■ Provided entries:
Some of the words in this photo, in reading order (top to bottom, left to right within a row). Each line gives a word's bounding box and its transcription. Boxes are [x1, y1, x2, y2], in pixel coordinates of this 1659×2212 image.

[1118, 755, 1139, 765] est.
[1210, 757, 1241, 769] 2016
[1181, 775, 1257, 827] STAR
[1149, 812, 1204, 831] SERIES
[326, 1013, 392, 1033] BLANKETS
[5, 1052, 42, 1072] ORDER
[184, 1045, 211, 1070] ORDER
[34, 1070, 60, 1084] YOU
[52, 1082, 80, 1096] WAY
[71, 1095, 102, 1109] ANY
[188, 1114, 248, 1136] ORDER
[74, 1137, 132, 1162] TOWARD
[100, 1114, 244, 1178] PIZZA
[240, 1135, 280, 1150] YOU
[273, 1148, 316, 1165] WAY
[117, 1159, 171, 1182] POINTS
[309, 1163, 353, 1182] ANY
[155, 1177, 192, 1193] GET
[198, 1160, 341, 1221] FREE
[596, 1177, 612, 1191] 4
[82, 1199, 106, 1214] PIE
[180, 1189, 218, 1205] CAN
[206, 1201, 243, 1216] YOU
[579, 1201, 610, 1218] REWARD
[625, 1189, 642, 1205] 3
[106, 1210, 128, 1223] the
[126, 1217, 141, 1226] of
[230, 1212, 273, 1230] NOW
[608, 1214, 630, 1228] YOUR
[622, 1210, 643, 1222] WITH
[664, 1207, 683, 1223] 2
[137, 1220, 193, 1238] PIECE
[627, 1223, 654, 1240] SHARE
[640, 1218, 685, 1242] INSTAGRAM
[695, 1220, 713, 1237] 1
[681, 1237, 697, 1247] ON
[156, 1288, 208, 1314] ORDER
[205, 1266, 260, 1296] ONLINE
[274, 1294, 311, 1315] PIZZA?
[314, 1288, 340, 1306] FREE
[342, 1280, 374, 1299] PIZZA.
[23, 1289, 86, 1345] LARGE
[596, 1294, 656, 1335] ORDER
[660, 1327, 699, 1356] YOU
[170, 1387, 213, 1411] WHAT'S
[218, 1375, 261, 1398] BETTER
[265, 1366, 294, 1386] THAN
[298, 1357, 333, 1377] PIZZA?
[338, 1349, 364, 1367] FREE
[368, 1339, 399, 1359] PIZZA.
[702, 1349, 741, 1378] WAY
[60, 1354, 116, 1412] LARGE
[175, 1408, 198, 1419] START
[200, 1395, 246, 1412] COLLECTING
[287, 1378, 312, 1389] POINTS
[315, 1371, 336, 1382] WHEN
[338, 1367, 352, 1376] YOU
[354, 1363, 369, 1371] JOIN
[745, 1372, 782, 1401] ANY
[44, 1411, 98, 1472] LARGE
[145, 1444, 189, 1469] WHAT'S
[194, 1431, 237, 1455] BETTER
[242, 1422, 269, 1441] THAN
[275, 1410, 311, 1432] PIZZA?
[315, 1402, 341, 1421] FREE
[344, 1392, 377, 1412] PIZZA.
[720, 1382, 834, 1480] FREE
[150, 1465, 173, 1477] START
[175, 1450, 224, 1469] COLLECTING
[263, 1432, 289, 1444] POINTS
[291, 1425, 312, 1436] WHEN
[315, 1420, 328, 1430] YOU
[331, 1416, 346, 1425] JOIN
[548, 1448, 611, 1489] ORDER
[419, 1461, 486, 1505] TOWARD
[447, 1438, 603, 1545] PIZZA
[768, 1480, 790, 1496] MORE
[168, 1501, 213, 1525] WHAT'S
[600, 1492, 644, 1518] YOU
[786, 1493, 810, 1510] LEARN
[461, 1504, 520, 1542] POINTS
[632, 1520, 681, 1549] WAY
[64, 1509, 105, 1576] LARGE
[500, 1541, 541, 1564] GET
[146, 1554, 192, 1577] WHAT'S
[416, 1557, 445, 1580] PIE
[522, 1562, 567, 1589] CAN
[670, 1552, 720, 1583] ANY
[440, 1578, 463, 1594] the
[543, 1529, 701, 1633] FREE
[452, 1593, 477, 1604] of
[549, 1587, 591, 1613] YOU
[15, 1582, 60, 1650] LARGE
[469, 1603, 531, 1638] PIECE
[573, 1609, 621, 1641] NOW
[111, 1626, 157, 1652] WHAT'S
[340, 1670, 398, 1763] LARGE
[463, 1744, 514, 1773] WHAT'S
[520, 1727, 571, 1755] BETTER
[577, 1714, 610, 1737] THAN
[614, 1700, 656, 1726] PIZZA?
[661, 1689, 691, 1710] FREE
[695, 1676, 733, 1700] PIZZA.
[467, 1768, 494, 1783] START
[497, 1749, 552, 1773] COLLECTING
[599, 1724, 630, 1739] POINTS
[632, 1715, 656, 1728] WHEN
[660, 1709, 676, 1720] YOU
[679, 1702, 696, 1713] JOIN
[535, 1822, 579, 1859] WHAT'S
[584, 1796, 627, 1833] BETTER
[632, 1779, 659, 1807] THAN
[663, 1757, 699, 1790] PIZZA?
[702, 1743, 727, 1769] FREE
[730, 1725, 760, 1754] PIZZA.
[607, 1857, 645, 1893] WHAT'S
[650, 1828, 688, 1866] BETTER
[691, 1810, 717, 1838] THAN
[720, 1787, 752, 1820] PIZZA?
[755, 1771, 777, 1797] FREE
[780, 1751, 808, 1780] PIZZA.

■ Task statement:
All the material, top to bottom: write it out again precisely.

■ Result of this exercise:
Some of the words in this photo, in reading order (top to bottom, left to right within a row). Each line gives a word's bounding box and its transcription. Boxes are [x1, y1, x2, y2], in pixel coordinates of this 1659×2212 image.

[1118, 755, 1139, 765] est.
[1210, 757, 1241, 769] 2016
[1181, 775, 1257, 827] STAR
[1149, 812, 1204, 831] SERIES
[326, 1013, 392, 1033] BLANKETS
[5, 1052, 42, 1072] ORDER
[184, 1045, 211, 1070] ORDER
[34, 1070, 60, 1084] YOU
[52, 1082, 80, 1096] WAY
[71, 1095, 102, 1109] ANY
[188, 1114, 248, 1136] ORDER
[74, 1137, 132, 1162] TOWARD
[100, 1114, 244, 1178] PIZZA
[240, 1135, 280, 1150] YOU
[273, 1148, 316, 1165] WAY
[117, 1159, 171, 1182] POINTS
[309, 1163, 353, 1182] ANY
[155, 1177, 192, 1193] GET
[198, 1160, 341, 1221] FREE
[596, 1177, 612, 1191] 4
[82, 1199, 106, 1214] PIE
[180, 1189, 218, 1205] CAN
[206, 1201, 243, 1216] YOU
[579, 1201, 610, 1218] REWARD
[625, 1189, 642, 1205] 3
[106, 1210, 128, 1223] the
[126, 1217, 141, 1226] of
[230, 1212, 273, 1230] NOW
[608, 1214, 630, 1228] YOUR
[622, 1210, 643, 1222] WITH
[664, 1207, 683, 1223] 2
[137, 1220, 193, 1238] PIECE
[627, 1223, 654, 1240] SHARE
[640, 1218, 685, 1242] INSTAGRAM
[695, 1220, 713, 1237] 1
[681, 1237, 697, 1247] ON
[156, 1288, 208, 1314] ORDER
[205, 1266, 260, 1296] ONLINE
[274, 1294, 311, 1315] PIZZA?
[314, 1288, 340, 1306] FREE
[342, 1280, 374, 1299] PIZZA.
[23, 1289, 86, 1345] LARGE
[596, 1294, 656, 1335] ORDER
[660, 1327, 699, 1356] YOU
[170, 1387, 213, 1411] WHAT'S
[218, 1375, 261, 1398] BETTER
[265, 1366, 294, 1386] THAN
[298, 1357, 333, 1377] PIZZA?
[338, 1349, 364, 1367] FREE
[368, 1339, 399, 1359] PIZZA.
[702, 1349, 741, 1378] WAY
[60, 1354, 116, 1412] LARGE
[175, 1408, 198, 1419] START
[200, 1395, 246, 1412] COLLECTING
[287, 1378, 312, 1389] POINTS
[315, 1371, 336, 1382] WHEN
[338, 1367, 352, 1376] YOU
[354, 1363, 369, 1371] JOIN
[745, 1372, 782, 1401] ANY
[44, 1411, 98, 1472] LARGE
[145, 1444, 189, 1469] WHAT'S
[194, 1431, 237, 1455] BETTER
[242, 1422, 269, 1441] THAN
[275, 1410, 311, 1432] PIZZA?
[315, 1402, 341, 1421] FREE
[344, 1392, 377, 1412] PIZZA.
[720, 1382, 834, 1480] FREE
[150, 1465, 173, 1477] START
[175, 1450, 224, 1469] COLLECTING
[263, 1432, 289, 1444] POINTS
[291, 1425, 312, 1436] WHEN
[315, 1420, 328, 1430] YOU
[331, 1416, 346, 1425] JOIN
[548, 1448, 611, 1489] ORDER
[419, 1461, 486, 1505] TOWARD
[447, 1438, 603, 1545] PIZZA
[768, 1480, 790, 1496] MORE
[168, 1501, 213, 1525] WHAT'S
[600, 1492, 644, 1518] YOU
[786, 1493, 810, 1510] LEARN
[461, 1504, 520, 1542] POINTS
[632, 1520, 681, 1549] WAY
[64, 1509, 105, 1576] LARGE
[500, 1541, 541, 1564] GET
[146, 1554, 192, 1577] WHAT'S
[416, 1557, 445, 1580] PIE
[522, 1562, 567, 1589] CAN
[670, 1552, 720, 1583] ANY
[440, 1578, 463, 1594] the
[543, 1529, 701, 1633] FREE
[452, 1593, 477, 1604] of
[549, 1587, 591, 1613] YOU
[15, 1582, 60, 1650] LARGE
[469, 1603, 531, 1638] PIECE
[573, 1609, 621, 1641] NOW
[111, 1626, 157, 1652] WHAT'S
[340, 1670, 398, 1763] LARGE
[463, 1744, 514, 1773] WHAT'S
[520, 1727, 571, 1755] BETTER
[577, 1714, 610, 1737] THAN
[614, 1700, 656, 1726] PIZZA?
[661, 1689, 691, 1710] FREE
[695, 1676, 733, 1700] PIZZA.
[467, 1768, 494, 1783] START
[497, 1749, 552, 1773] COLLECTING
[599, 1724, 630, 1739] POINTS
[632, 1715, 656, 1728] WHEN
[660, 1709, 676, 1720] YOU
[679, 1702, 696, 1713] JOIN
[535, 1822, 579, 1859] WHAT'S
[584, 1796, 627, 1833] BETTER
[632, 1779, 659, 1807] THAN
[663, 1757, 699, 1790] PIZZA?
[702, 1743, 727, 1769] FREE
[730, 1725, 760, 1754] PIZZA.
[607, 1857, 645, 1893] WHAT'S
[650, 1828, 688, 1866] BETTER
[691, 1810, 717, 1838] THAN
[720, 1787, 752, 1820] PIZZA?
[755, 1771, 777, 1797] FREE
[780, 1751, 808, 1780] PIZZA.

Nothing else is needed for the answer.